Entries taken from a collection
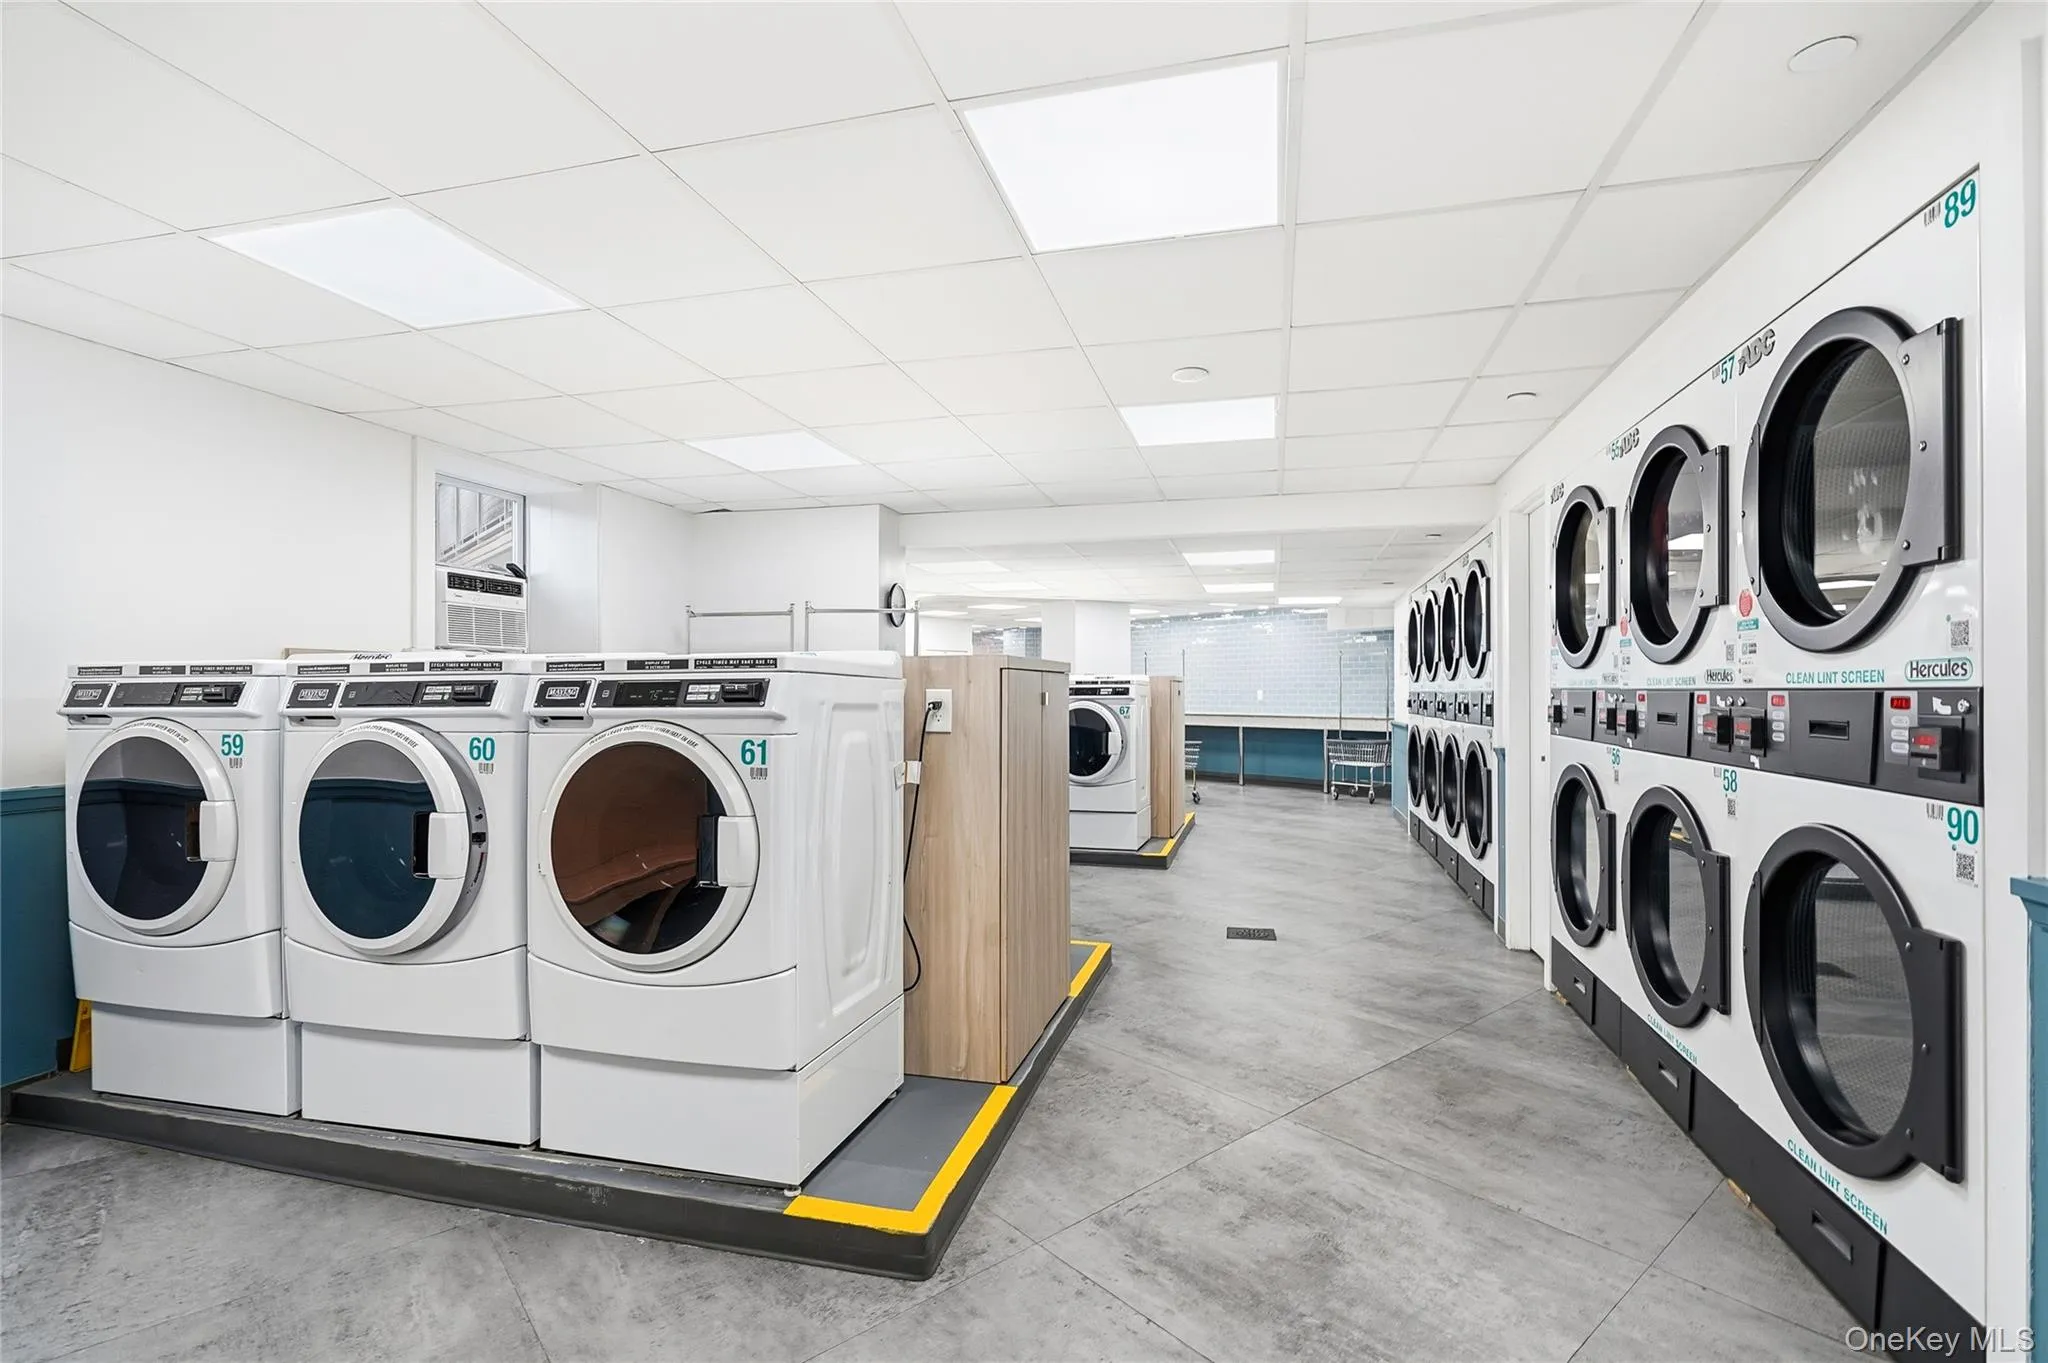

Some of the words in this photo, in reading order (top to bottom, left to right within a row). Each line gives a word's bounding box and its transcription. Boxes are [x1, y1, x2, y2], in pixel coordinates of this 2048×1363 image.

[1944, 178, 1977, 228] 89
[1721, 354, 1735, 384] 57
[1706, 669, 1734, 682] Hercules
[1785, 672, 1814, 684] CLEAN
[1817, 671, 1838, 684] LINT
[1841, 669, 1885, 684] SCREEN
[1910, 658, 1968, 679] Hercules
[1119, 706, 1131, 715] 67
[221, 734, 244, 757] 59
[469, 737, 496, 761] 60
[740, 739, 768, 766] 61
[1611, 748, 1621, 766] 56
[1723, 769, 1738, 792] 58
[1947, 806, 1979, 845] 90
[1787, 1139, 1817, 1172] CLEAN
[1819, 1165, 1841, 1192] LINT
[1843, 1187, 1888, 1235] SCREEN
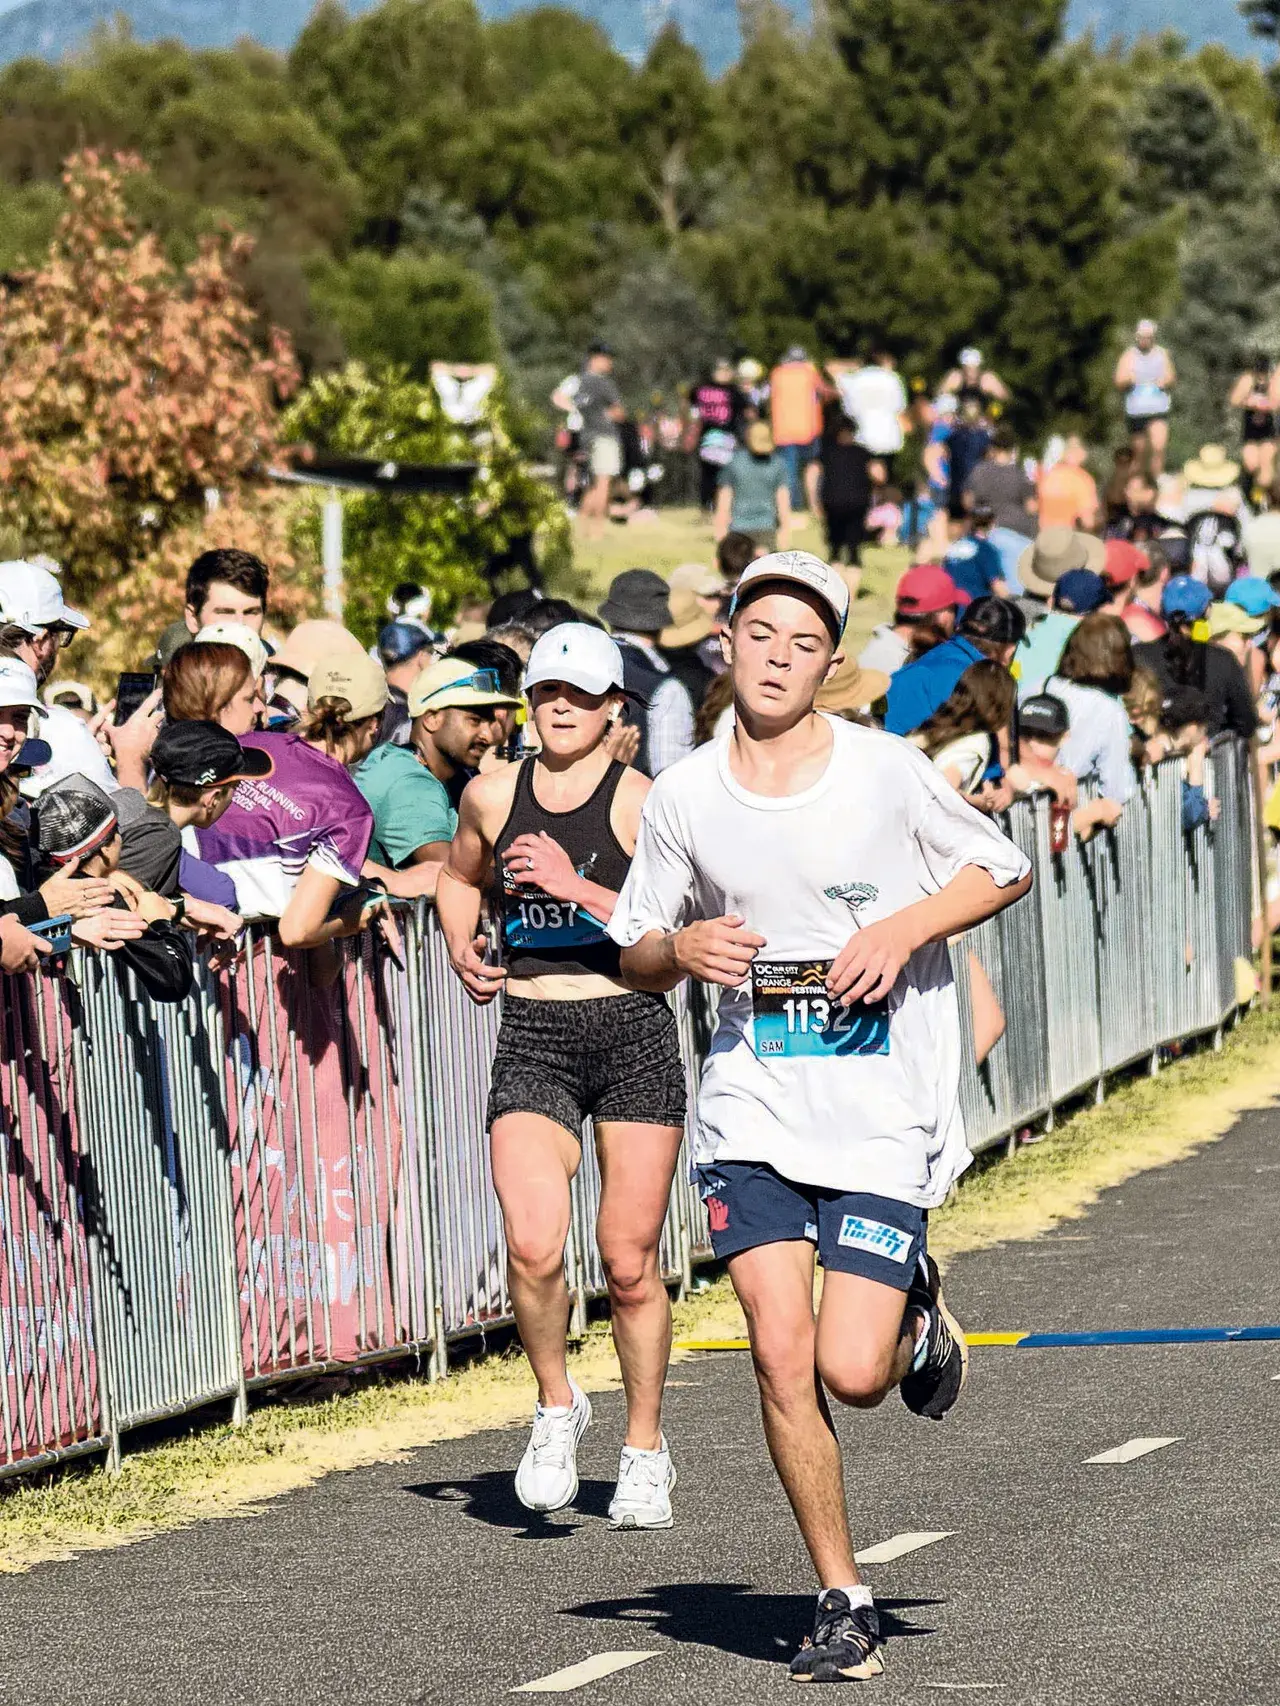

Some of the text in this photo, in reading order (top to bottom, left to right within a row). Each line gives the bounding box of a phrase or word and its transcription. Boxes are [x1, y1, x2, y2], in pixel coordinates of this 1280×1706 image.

WHAT YOU ARE ASKED TO DO: Reproduce all of the data exactly, omitting each picture it holds.

OUTPUT OF THE EXERCISE:
Some of the words in this photo, in reading order (top to bottom, left to right within a row). Each line gives a word's bounding box and its transcription. Boxes are [x1, y1, x2, y2], in pixel coordinates of this 2048×1363 image.

[1944, 178, 1977, 228] 89
[1721, 354, 1735, 384] 57
[1706, 669, 1734, 682] Hercules
[1785, 672, 1814, 684] CLEAN
[1817, 671, 1838, 684] LINT
[1841, 669, 1885, 684] SCREEN
[1910, 658, 1968, 679] Hercules
[1119, 706, 1131, 715] 67
[221, 734, 244, 757] 59
[469, 737, 496, 761] 60
[740, 739, 768, 766] 61
[1611, 748, 1621, 766] 56
[1723, 769, 1738, 792] 58
[1947, 806, 1979, 845] 90
[1787, 1139, 1817, 1172] CLEAN
[1819, 1165, 1841, 1192] LINT
[1843, 1187, 1888, 1235] SCREEN

Some of the text in this photo, in reading order (top to bottom, left to right within a row). Each line gives the bounding box of a phrase or word and its transcription. Boxes are [x1, y1, x2, y2], in pixel coordinates of this 1280×1706 image.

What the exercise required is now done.